Excerpts from a dataset
______________________________
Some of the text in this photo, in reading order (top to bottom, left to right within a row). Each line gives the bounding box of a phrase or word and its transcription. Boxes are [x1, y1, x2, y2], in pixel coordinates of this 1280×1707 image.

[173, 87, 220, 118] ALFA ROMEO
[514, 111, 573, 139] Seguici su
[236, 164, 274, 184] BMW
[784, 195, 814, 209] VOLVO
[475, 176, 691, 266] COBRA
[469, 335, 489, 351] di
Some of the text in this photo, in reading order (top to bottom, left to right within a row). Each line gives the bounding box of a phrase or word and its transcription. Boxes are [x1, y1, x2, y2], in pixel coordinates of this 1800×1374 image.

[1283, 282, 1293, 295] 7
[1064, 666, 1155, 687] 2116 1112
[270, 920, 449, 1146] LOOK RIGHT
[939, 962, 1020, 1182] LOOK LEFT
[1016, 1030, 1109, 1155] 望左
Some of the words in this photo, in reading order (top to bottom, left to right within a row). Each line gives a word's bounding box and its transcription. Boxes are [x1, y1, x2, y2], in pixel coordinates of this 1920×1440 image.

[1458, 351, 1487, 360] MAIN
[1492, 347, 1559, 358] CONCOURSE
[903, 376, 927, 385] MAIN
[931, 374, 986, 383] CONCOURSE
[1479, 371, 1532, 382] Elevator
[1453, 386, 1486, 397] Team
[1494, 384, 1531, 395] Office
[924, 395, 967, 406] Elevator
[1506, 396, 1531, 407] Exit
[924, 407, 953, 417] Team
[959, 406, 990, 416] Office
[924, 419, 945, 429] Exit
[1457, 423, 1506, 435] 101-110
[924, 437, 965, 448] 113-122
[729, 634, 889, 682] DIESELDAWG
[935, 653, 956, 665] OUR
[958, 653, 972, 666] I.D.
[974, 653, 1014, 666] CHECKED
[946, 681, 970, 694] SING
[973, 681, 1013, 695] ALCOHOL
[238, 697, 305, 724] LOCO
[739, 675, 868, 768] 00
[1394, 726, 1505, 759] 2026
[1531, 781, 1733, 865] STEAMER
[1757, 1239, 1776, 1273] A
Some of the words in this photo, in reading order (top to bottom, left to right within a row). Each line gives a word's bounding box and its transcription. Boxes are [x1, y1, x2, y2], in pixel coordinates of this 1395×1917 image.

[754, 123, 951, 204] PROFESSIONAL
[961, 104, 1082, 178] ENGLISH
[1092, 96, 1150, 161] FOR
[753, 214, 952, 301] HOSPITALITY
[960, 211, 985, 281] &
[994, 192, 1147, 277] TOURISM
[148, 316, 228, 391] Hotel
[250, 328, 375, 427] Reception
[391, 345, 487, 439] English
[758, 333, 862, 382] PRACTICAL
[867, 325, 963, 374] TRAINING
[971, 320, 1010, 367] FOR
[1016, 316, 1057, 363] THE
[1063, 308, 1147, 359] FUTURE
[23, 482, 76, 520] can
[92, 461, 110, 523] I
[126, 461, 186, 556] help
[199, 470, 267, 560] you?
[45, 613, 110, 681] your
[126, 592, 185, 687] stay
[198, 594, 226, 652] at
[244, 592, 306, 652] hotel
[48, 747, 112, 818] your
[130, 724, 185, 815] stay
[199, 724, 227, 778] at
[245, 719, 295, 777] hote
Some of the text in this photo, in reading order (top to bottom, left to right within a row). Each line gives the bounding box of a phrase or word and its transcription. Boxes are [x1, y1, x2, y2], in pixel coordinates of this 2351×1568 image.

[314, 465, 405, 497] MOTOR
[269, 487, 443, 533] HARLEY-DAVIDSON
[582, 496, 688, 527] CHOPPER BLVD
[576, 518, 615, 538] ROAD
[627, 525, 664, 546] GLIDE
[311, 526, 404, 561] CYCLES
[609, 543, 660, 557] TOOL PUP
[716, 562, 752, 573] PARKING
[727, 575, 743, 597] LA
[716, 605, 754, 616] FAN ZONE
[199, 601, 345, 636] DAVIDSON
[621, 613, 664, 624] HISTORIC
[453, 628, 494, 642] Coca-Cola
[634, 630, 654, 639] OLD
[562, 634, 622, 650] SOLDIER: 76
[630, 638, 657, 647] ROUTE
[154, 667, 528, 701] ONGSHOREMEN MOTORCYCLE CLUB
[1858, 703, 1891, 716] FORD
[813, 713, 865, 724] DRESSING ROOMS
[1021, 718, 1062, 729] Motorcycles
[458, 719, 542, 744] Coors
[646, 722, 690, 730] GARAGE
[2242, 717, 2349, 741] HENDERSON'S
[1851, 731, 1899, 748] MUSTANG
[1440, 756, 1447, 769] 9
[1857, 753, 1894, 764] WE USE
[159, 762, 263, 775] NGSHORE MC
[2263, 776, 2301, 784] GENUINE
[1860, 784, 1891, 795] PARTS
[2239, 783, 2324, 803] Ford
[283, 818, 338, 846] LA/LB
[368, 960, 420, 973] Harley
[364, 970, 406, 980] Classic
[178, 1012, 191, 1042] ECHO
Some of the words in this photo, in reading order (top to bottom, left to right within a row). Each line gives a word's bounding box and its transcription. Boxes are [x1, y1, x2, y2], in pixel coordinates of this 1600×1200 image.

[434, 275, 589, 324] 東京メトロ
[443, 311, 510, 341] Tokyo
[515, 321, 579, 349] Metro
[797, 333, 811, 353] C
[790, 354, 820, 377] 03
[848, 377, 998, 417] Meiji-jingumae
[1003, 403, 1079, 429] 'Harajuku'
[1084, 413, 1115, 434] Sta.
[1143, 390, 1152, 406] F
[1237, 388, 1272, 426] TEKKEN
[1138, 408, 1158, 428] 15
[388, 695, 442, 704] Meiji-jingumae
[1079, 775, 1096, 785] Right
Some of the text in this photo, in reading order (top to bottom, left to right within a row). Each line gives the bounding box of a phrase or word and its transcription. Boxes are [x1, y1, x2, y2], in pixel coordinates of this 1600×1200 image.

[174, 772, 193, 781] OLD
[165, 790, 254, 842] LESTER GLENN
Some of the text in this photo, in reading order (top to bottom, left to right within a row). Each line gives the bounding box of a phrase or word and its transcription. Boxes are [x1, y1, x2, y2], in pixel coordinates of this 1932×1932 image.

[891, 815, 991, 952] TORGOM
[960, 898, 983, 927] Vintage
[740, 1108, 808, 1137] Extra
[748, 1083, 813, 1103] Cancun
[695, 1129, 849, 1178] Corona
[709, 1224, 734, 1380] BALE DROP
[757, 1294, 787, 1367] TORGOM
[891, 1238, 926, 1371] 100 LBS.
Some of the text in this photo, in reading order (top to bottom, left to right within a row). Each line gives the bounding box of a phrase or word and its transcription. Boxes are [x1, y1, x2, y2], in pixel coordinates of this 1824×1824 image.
______________________________
About this task: All of the entries should be output exactly as they appear above.

Completed exercise:
Some of the text in this photo, in reading order (top to bottom, left to right within a row). Each line gives the bounding box of a phrase or word and its transcription. Boxes are [x1, y1, x2, y2], in pixel coordinates of this 1280×1707 image.

[173, 87, 220, 118] ALFA ROMEO
[514, 111, 573, 139] Seguici su
[236, 164, 274, 184] BMW
[784, 195, 814, 209] VOLVO
[475, 176, 691, 266] COBRA
[469, 335, 489, 351] di
Some of the text in this photo, in reading order (top to bottom, left to right within a row). Each line gives the bounding box of a phrase or word and its transcription. Boxes are [x1, y1, x2, y2], in pixel coordinates of this 1800×1374 image.

[1283, 282, 1293, 295] 7
[1064, 666, 1155, 687] 2116 1112
[270, 920, 449, 1146] LOOK RIGHT
[939, 962, 1020, 1182] LOOK LEFT
[1016, 1030, 1109, 1155] 望左
Some of the words in this photo, in reading order (top to bottom, left to right within a row). Each line gives a word's bounding box and its transcription. Boxes are [x1, y1, x2, y2], in pixel coordinates of this 1920×1440 image.

[1458, 351, 1487, 360] MAIN
[1492, 347, 1559, 358] CONCOURSE
[903, 376, 927, 385] MAIN
[931, 374, 986, 383] CONCOURSE
[1479, 371, 1532, 382] Elevator
[1453, 386, 1486, 397] Team
[1494, 384, 1531, 395] Office
[924, 395, 967, 406] Elevator
[1506, 396, 1531, 407] Exit
[924, 407, 953, 417] Team
[959, 406, 990, 416] Office
[924, 419, 945, 429] Exit
[1457, 423, 1506, 435] 101-110
[924, 437, 965, 448] 113-122
[729, 634, 889, 682] DIESELDAWG
[935, 653, 956, 665] OUR
[958, 653, 972, 666] I.D.
[974, 653, 1014, 666] CHECKED
[946, 681, 970, 694] SING
[973, 681, 1013, 695] ALCOHOL
[238, 697, 305, 724] LOCO
[739, 675, 868, 768] 00
[1394, 726, 1505, 759] 2026
[1531, 781, 1733, 865] STEAMER
[1757, 1239, 1776, 1273] A
Some of the words in this photo, in reading order (top to bottom, left to right within a row). Each line gives a word's bounding box and its transcription. Boxes are [x1, y1, x2, y2], in pixel coordinates of this 1395×1917 image.

[754, 123, 951, 204] PROFESSIONAL
[961, 104, 1082, 178] ENGLISH
[1092, 96, 1150, 161] FOR
[753, 214, 952, 301] HOSPITALITY
[960, 211, 985, 281] &
[994, 192, 1147, 277] TOURISM
[148, 316, 228, 391] Hotel
[250, 328, 375, 427] Reception
[391, 345, 487, 439] English
[758, 333, 862, 382] PRACTICAL
[867, 325, 963, 374] TRAINING
[971, 320, 1010, 367] FOR
[1016, 316, 1057, 363] THE
[1063, 308, 1147, 359] FUTURE
[23, 482, 76, 520] can
[92, 461, 110, 523] I
[126, 461, 186, 556] help
[199, 470, 267, 560] you?
[45, 613, 110, 681] your
[126, 592, 185, 687] stay
[198, 594, 226, 652] at
[244, 592, 306, 652] hotel
[48, 747, 112, 818] your
[130, 724, 185, 815] stay
[199, 724, 227, 778] at
[245, 719, 295, 777] hote
Some of the text in this photo, in reading order (top to bottom, left to right within a row). Each line gives the bounding box of a phrase or word and its transcription. Boxes are [x1, y1, x2, y2], in pixel coordinates of this 2351×1568 image.

[314, 465, 405, 497] MOTOR
[269, 487, 443, 533] HARLEY-DAVIDSON
[582, 496, 688, 527] CHOPPER BLVD
[576, 518, 615, 538] ROAD
[627, 525, 664, 546] GLIDE
[311, 526, 404, 561] CYCLES
[609, 543, 660, 557] TOOL PUP
[716, 562, 752, 573] PARKING
[727, 575, 743, 597] LA
[716, 605, 754, 616] FAN ZONE
[199, 601, 345, 636] DAVIDSON
[621, 613, 664, 624] HISTORIC
[453, 628, 494, 642] Coca-Cola
[634, 630, 654, 639] OLD
[562, 634, 622, 650] SOLDIER: 76
[630, 638, 657, 647] ROUTE
[154, 667, 528, 701] ONGSHOREMEN MOTORCYCLE CLUB
[1858, 703, 1891, 716] FORD
[813, 713, 865, 724] DRESSING ROOMS
[1021, 718, 1062, 729] Motorcycles
[458, 719, 542, 744] Coors
[646, 722, 690, 730] GARAGE
[2242, 717, 2349, 741] HENDERSON'S
[1851, 731, 1899, 748] MUSTANG
[1440, 756, 1447, 769] 9
[1857, 753, 1894, 764] WE USE
[159, 762, 263, 775] NGSHORE MC
[2263, 776, 2301, 784] GENUINE
[1860, 784, 1891, 795] PARTS
[2239, 783, 2324, 803] Ford
[283, 818, 338, 846] LA/LB
[368, 960, 420, 973] Harley
[364, 970, 406, 980] Classic
[178, 1012, 191, 1042] ECHO
Some of the words in this photo, in reading order (top to bottom, left to right within a row). Each line gives a word's bounding box and its transcription. Boxes are [x1, y1, x2, y2], in pixel coordinates of this 1600×1200 image.

[434, 275, 589, 324] 東京メトロ
[443, 311, 510, 341] Tokyo
[515, 321, 579, 349] Metro
[797, 333, 811, 353] C
[790, 354, 820, 377] 03
[848, 377, 998, 417] Meiji-jingumae
[1003, 403, 1079, 429] 'Harajuku'
[1084, 413, 1115, 434] Sta.
[1143, 390, 1152, 406] F
[1237, 388, 1272, 426] TEKKEN
[1138, 408, 1158, 428] 15
[388, 695, 442, 704] Meiji-jingumae
[1079, 775, 1096, 785] Right
Some of the text in this photo, in reading order (top to bottom, left to right within a row). Each line gives the bounding box of a phrase or word and its transcription. Boxes are [x1, y1, x2, y2], in pixel coordinates of this 1600×1200 image.

[174, 772, 193, 781] OLD
[165, 790, 254, 842] LESTER GLENN
Some of the text in this photo, in reading order (top to bottom, left to right within a row). Each line gives the bounding box of a phrase or word and its transcription. Boxes are [x1, y1, x2, y2], in pixel coordinates of this 1932×1932 image.

[891, 815, 991, 952] TORGOM
[960, 898, 983, 927] Vintage
[740, 1108, 808, 1137] Extra
[748, 1083, 813, 1103] Cancun
[695, 1129, 849, 1178] Corona
[709, 1224, 734, 1380] BALE DROP
[757, 1294, 787, 1367] TORGOM
[891, 1238, 926, 1371] 100 LBS.
Some of the text in this photo, in reading order (top to bottom, left to right within a row). Each line gives the bounding box of a phrase or word and its transcription. Boxes are [x1, y1, x2, y2], in pixel coordinates of this 1824×1824 image.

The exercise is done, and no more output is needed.